In the last few years I have often felt I could never repay the generosity and affection you have given me. But I have some thoughts to share with you today that, I hope, even the scales a little. First among them is the secret to achieving the peace you've helped me find. In the hopefully distant future when your time comes you'll want to feel ready, as I do. You'll want your life to have meant something. Building meaning in your life is no simple feat you can achieve in an afternoon. Maybe you'll do it by raising great children. Maybe you'll do it by serving God. Maybe you'll save the whales, or join the Peace Corps, or fund a scholarship, or ask what you can do for your country. No matter what you find fulfilling, don't wait until you're in a life crisis to do it. Get started building meaning in your life the minute you leave here and keep doing it the rest of your days.

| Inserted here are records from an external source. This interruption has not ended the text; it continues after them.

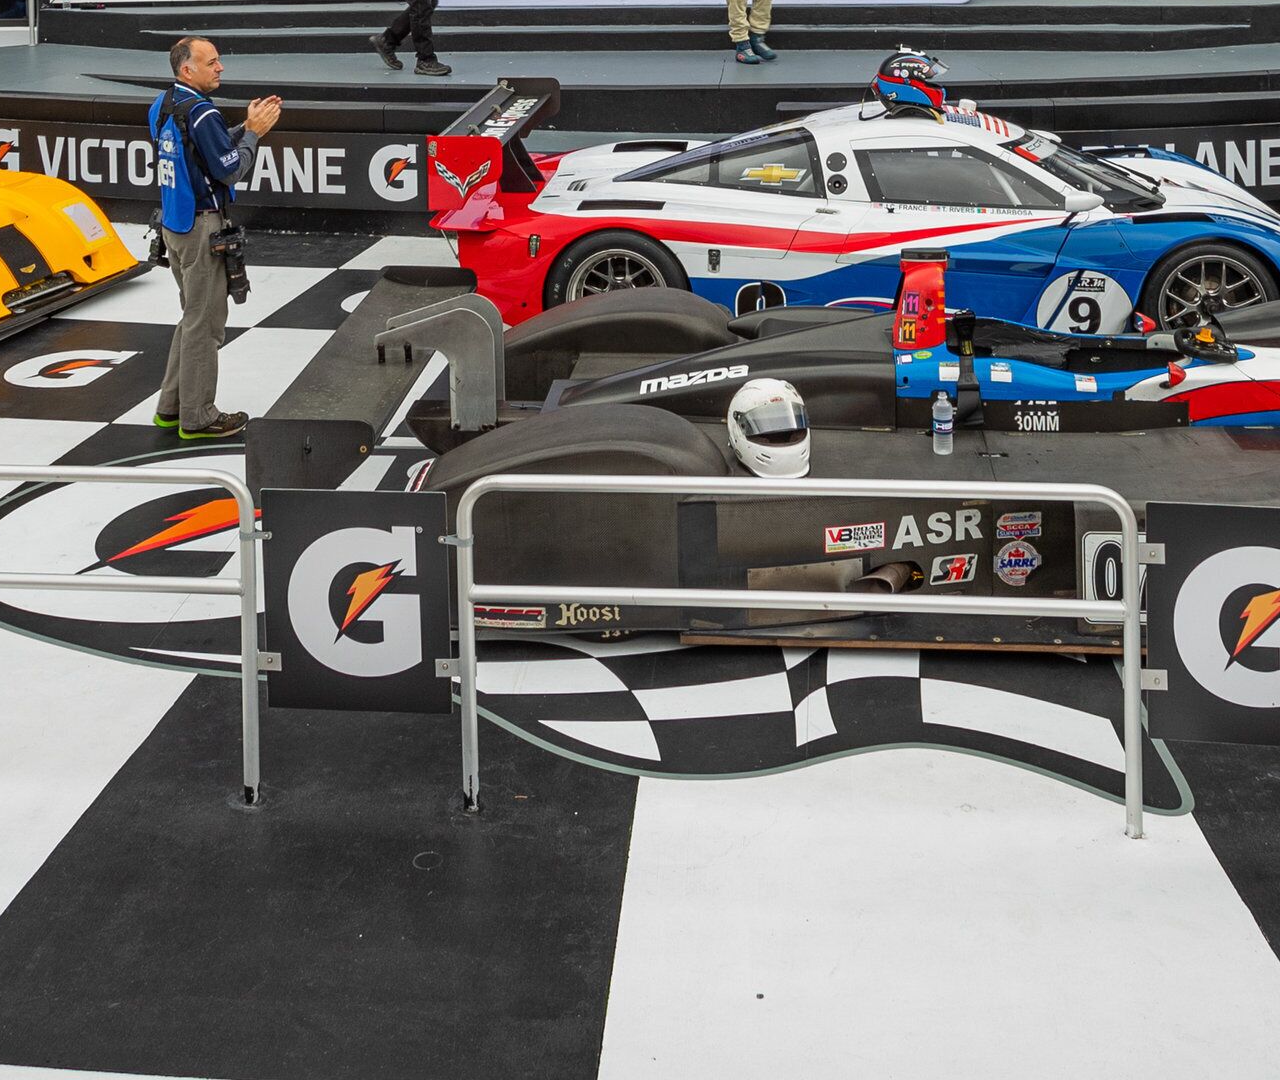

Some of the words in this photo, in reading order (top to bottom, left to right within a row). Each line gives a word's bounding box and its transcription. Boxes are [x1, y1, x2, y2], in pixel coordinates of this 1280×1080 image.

[37, 135, 159, 186] VICTO
[235, 146, 346, 195] ANE
[368, 144, 418, 202] G
[898, 204, 928, 212] FRANCE
[906, 294, 920, 312] 11
[1068, 296, 1102, 334] 9
[904, 320, 916, 341] 11
[4, 350, 141, 388] G
[892, 508, 984, 550] ASR
[999, 557, 1037, 569] SARRC
[287, 526, 422, 678] G
[555, 602, 621, 626] Hoosi

Second, connect with people around you, not just your families and friends but also those in your community. Our connections with other people are all we have that are worth anything, and the only things we can take with us when our time comes. For me nothing feels as good as when strangers ask how I've addressed some problem arising from ALS.

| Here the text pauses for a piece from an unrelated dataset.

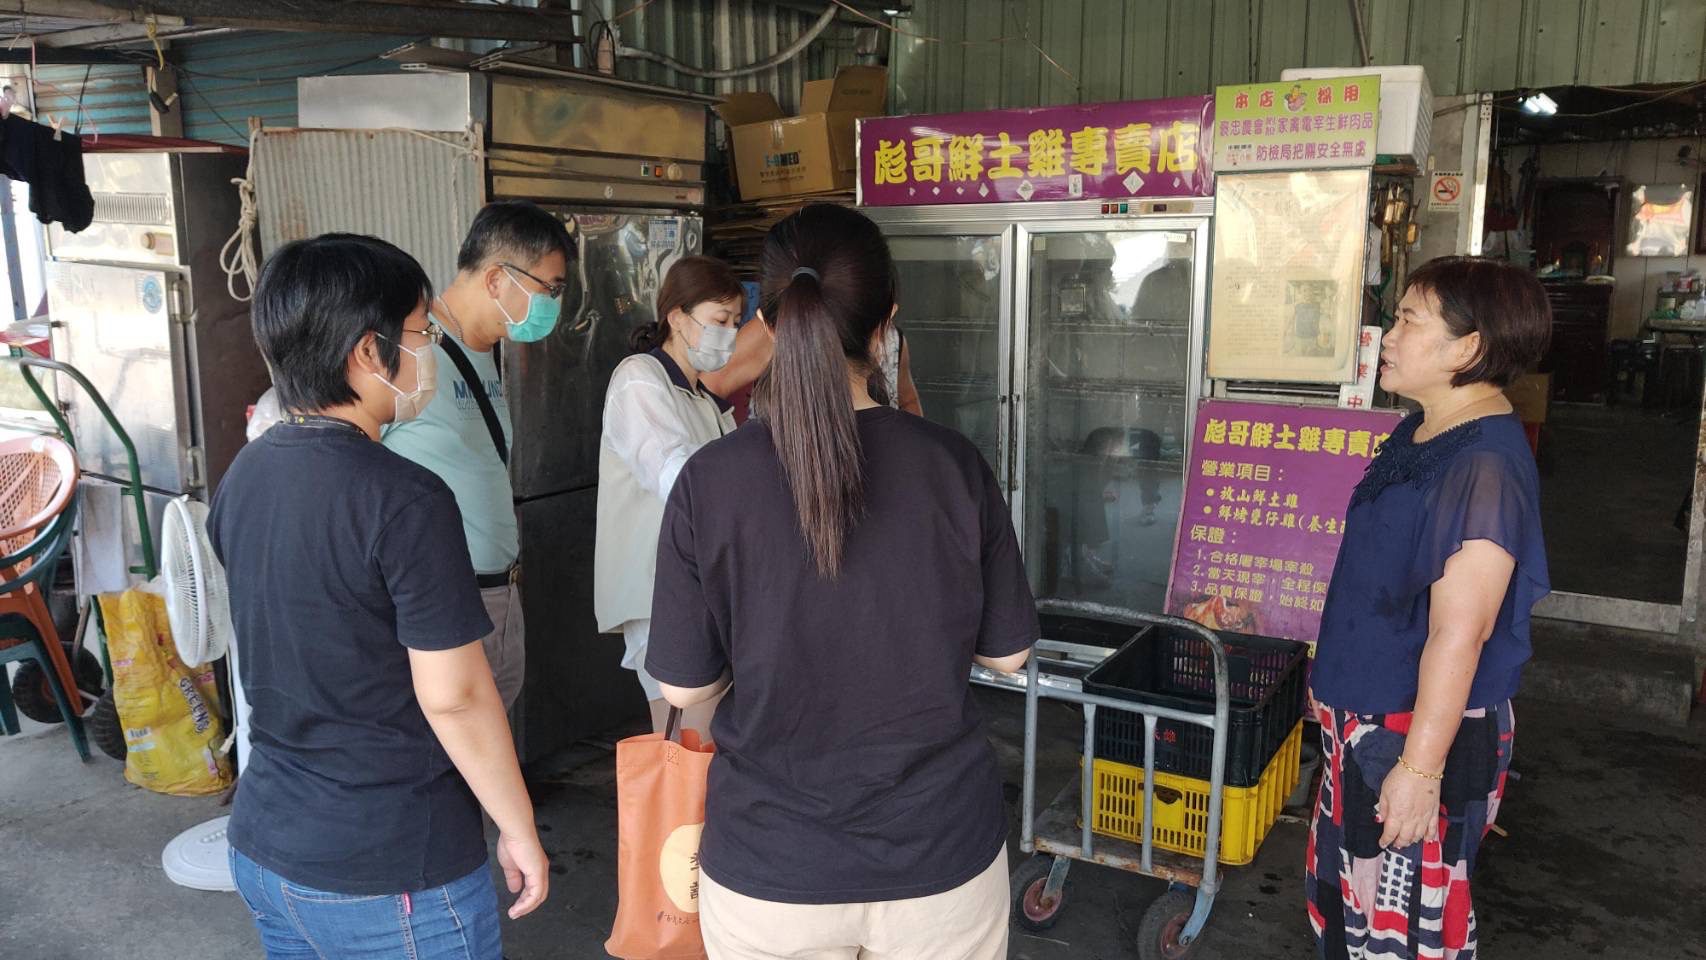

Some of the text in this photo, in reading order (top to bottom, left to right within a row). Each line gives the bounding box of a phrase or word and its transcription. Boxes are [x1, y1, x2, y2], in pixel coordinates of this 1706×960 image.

[1235, 84, 1360, 109] 本店 採用
[874, 120, 1200, 185] 彪哥鮮土雞專賣店

Maybe they got my email off my website or a patients' chatroom. Maybe they're in pain. Maybe they're lonely from being homebound. I'm just as needy as anyone writing me but it makes me feel a mile high to share a few tips. I daydream about the impact I could make if I could magically get out of my chair and fly around visiting others to chat about our issues. I'll grant that it's not the sexiest fantasy ever but it works for me. I promise something like it will work for you too.

And third, when someone dies in middle age I think it's a message in bright, blinking lights that life is fragile and fleeting. Your time, every moment, is unfathomably precious. Yet, during rush hour when you're stuck in traffic on the way to a job you don't love, you could squander it so easily. It would give me great satisfaction if I could give you back an enduring awareness that your time is something to be treasured, never just passed. I challenge you not to waste another second, and I wish you well knowing the time I spent with you was time well spent.